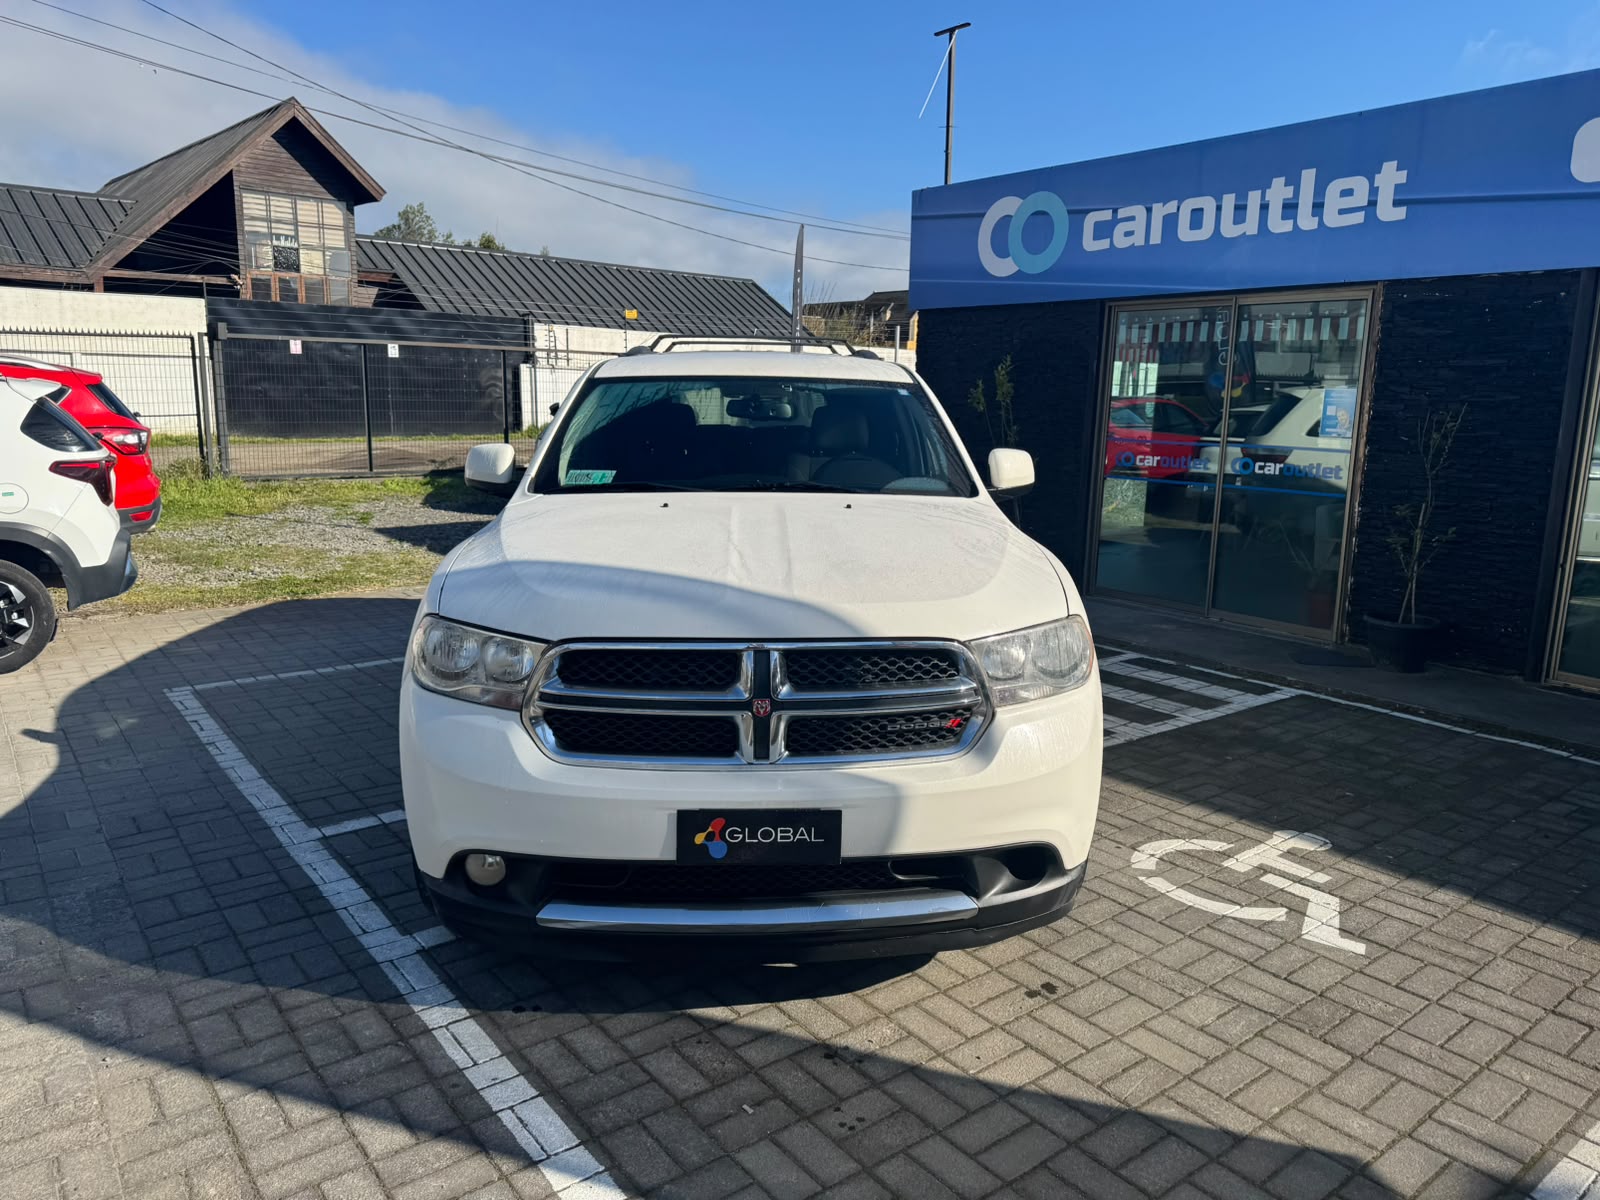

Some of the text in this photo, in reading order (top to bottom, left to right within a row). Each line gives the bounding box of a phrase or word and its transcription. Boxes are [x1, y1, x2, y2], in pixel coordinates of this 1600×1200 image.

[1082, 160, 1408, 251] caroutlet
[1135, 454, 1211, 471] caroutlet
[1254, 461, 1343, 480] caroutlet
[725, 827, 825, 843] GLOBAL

━━━━━━━━━━

■ **Work item**
Once the images are set aside, retype all of the material above exactly.

■ **Exercise output**
Some of the text in this photo, in reading order (top to bottom, left to right within a row). Each line gives the bounding box of a phrase or word and its transcription. Boxes are [x1, y1, x2, y2], in pixel coordinates of this 1600×1200 image.

[1082, 160, 1408, 251] caroutlet
[1135, 454, 1211, 471] caroutlet
[1254, 461, 1343, 480] caroutlet
[725, 827, 825, 843] GLOBAL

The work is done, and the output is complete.